• _YOUR OBJECTIVE_:
Every entry below should be printed again exactly as it reads.

• _WORKING DATA_:
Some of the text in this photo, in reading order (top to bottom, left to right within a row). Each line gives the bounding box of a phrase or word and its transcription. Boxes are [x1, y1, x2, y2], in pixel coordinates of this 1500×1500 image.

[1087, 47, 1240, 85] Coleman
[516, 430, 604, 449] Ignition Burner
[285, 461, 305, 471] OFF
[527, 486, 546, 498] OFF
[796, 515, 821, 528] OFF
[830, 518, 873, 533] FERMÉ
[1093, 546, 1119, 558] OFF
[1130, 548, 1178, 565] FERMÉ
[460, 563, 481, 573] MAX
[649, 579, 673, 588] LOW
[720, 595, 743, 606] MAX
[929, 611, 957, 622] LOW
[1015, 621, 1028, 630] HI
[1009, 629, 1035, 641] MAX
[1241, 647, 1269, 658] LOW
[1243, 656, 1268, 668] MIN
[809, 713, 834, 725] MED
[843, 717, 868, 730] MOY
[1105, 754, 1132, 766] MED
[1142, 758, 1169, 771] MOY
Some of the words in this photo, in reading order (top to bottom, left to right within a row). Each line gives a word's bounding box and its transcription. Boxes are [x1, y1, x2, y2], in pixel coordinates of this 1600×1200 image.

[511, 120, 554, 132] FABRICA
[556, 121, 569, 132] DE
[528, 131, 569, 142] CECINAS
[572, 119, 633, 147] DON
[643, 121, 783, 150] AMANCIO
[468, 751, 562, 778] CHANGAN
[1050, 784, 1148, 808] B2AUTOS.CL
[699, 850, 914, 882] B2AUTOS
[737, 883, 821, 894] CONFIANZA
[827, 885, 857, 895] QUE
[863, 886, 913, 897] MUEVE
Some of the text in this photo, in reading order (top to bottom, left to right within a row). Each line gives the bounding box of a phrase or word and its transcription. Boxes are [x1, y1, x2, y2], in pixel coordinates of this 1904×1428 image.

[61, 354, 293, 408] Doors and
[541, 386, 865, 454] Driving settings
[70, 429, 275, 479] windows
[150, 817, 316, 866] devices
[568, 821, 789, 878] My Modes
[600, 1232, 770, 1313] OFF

• _TASK SOLUTION_:
Some of the text in this photo, in reading order (top to bottom, left to right within a row). Each line gives the bounding box of a phrase or word and its transcription. Boxes are [x1, y1, x2, y2], in pixel coordinates of this 1500×1500 image.

[1087, 47, 1240, 85] Coleman
[516, 430, 604, 449] Ignition Burner
[285, 461, 305, 471] OFF
[527, 486, 546, 498] OFF
[796, 515, 821, 528] OFF
[830, 518, 873, 533] FERMÉ
[1093, 546, 1119, 558] OFF
[1130, 548, 1178, 565] FERMÉ
[460, 563, 481, 573] MAX
[649, 579, 673, 588] LOW
[720, 595, 743, 606] MAX
[929, 611, 957, 622] LOW
[1015, 621, 1028, 630] HI
[1009, 629, 1035, 641] MAX
[1241, 647, 1269, 658] LOW
[1243, 656, 1268, 668] MIN
[809, 713, 834, 725] MED
[843, 717, 868, 730] MOY
[1105, 754, 1132, 766] MED
[1142, 758, 1169, 771] MOY
Some of the words in this photo, in reading order (top to bottom, left to right within a row). Each line gives a word's bounding box and its transcription. Boxes are [x1, y1, x2, y2], in pixel coordinates of this 1600×1200 image.

[511, 120, 554, 132] FABRICA
[556, 121, 569, 132] DE
[528, 131, 569, 142] CECINAS
[572, 119, 633, 147] DON
[643, 121, 783, 150] AMANCIO
[468, 751, 562, 778] CHANGAN
[1050, 784, 1148, 808] B2AUTOS.CL
[699, 850, 914, 882] B2AUTOS
[737, 883, 821, 894] CONFIANZA
[827, 885, 857, 895] QUE
[863, 886, 913, 897] MUEVE
Some of the text in this photo, in reading order (top to bottom, left to right within a row). Each line gives the bounding box of a phrase or word and its transcription. Boxes are [x1, y1, x2, y2], in pixel coordinates of this 1904×1428 image.

[61, 354, 293, 408] Doors and
[541, 386, 865, 454] Driving settings
[70, 429, 275, 479] windows
[150, 817, 316, 866] devices
[568, 821, 789, 878] My Modes
[600, 1232, 770, 1313] OFF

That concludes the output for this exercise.